Eight of its eleven co-founders, including CTO Mira Murati and chief scientist Ilya Sutskever (who are launching competing ventures: Superintelligence), have left. When nearly all the talent that built your breakthrough technology goes elsewhere to build rivals, don’t you think it is worth asking why? As board chair Bret Taylor admits, we’re watching “the fastest technology commoditization cycle we’ve ever seen.”


GPT-4’s pricing per token has plummeted 98% since last year’s dev day. The gap between their SOTA models and open-source alternatives is narrowing with speed. Facebook is offering LLM/GenAI-based products/services, i.e., Llama — another unimpressive chatbot to crowd the market, for free, and Google has the overwhelming market share in Search — Gemini. Let’s face it: these products are all glorified search engines at the end of the day! So, from a long-term value and profitability perspective, for OpenAI, it’s in a commodity business and sector.


New technologies, no matter how amazing, don’t automatically translate into sustainable businesses. The reality is that the winners aren’t always those who built the most advanced and impressive technology or first-out-of-the-gate technologies — the winners are often those who can leverage a piece of technology and build a compelling ecosystem that is practical and useful to people. Real businesses.


It is also clear, from what we are hearing about the relationship with Microsoft, “What started as a lifeline — providing essential capital and computing resources — now risks becoming a constraint. Microsoft receives 75% of OpenAI’s profits until its $13B investment is recouped, followed by 49% until it hits $92B.” — Ashu Garg, Foundation Capital. That the honeymoon might be over.


Microsoft’s $650M acquisition of Inflection AI’s team recently looks very much like a hedge against overreliance on OpenAI. Microsoft didn’t invest billions in OpenAI because it loved the company; it did it because it didn’t want to miss out if OpenAI succeeded. Microsoft has so much money that it can do that, and that makes sense for a company like Microsoft to protect its market share and position itself to secure any future potential growth opportunities in that space.


OpenAI has created a phony ($157B) valuation, along with the fake math and hyperbolic pontification to ride the GenAI hype train. Eventually, real math and common sense will prevail.


Without a doubt, OpenAI can be credited for starting an “AI Revolution,” although I wouldn’t say that, let’s give it to Sam Altman anyway, his fragile ego needs it. ChatGPT is impressive. However, there is still no real, sustainable, profitable business story that they can credibly articulate against the prevailing backdrop of business realities. Starting a revolution is a far cry from profiting from it.
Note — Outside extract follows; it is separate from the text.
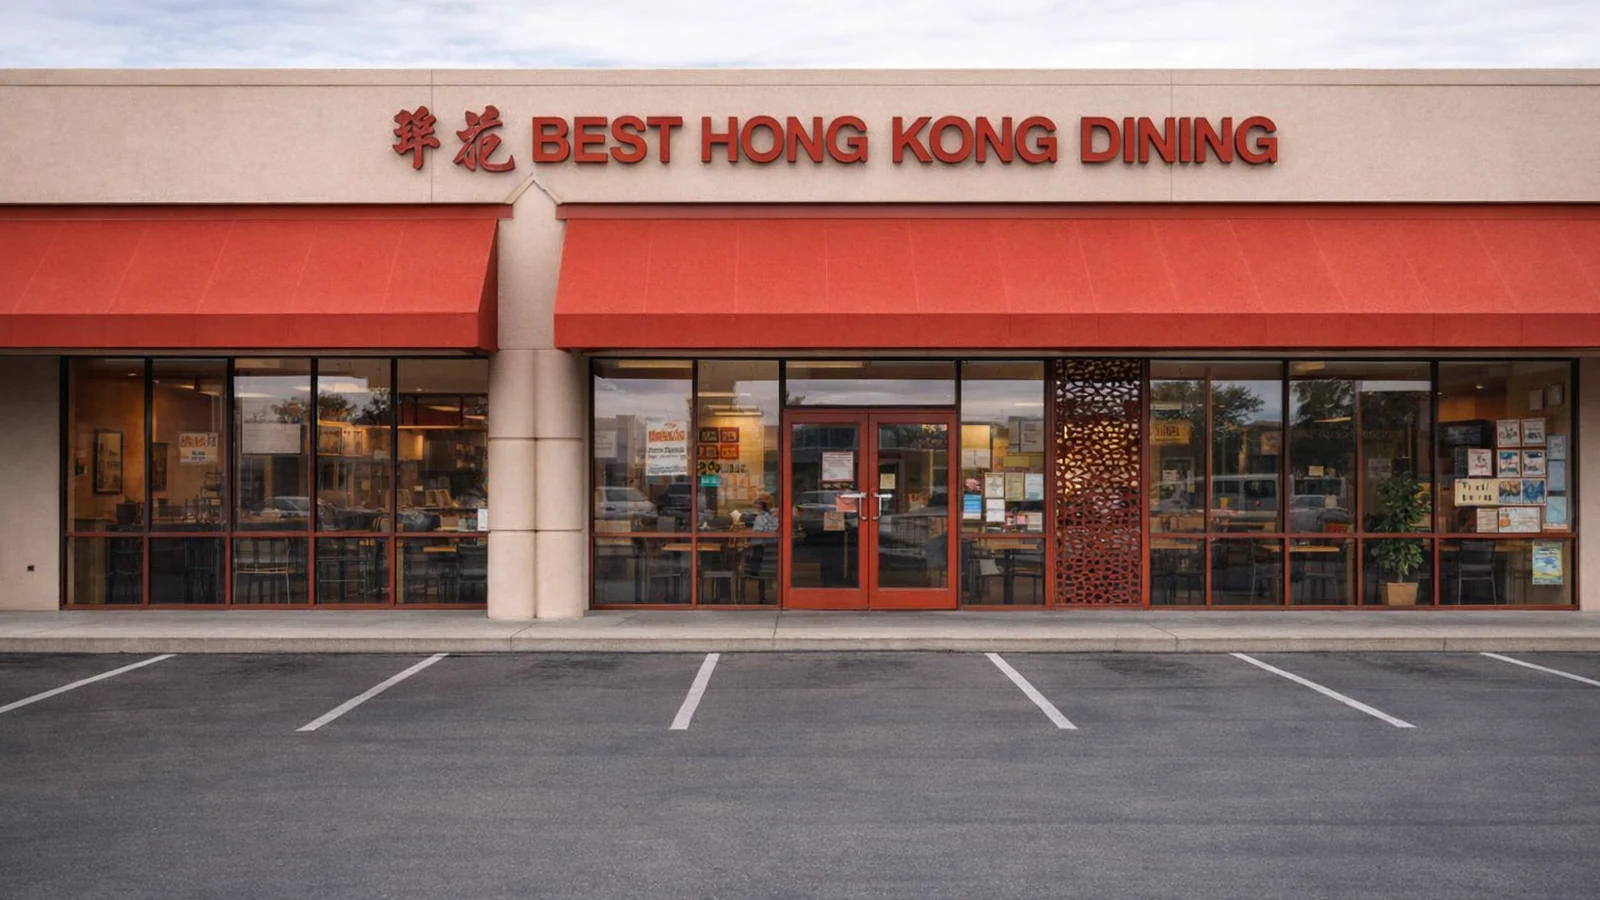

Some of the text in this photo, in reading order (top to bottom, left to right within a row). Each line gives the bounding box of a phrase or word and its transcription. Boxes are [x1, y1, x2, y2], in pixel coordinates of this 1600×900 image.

With the ever-increasing commoditization of the sector, there is no reason to bet on “OpenAI” even being around similar to present form over the long run.


The most useful (and valuable) companies to humanity in the AI space do not authentically exist yet, but they’ll be the ones not driven by technology hype, harnessing AI’s potential instead, purposefully, to solve very specific problems. Not engaged in exaggerations about its made-up scaling laws about the capability of LLMs and one-day achieving fantasy AGI. Which only serves to drive abstraction and hallucination, holding back real progress and humanity.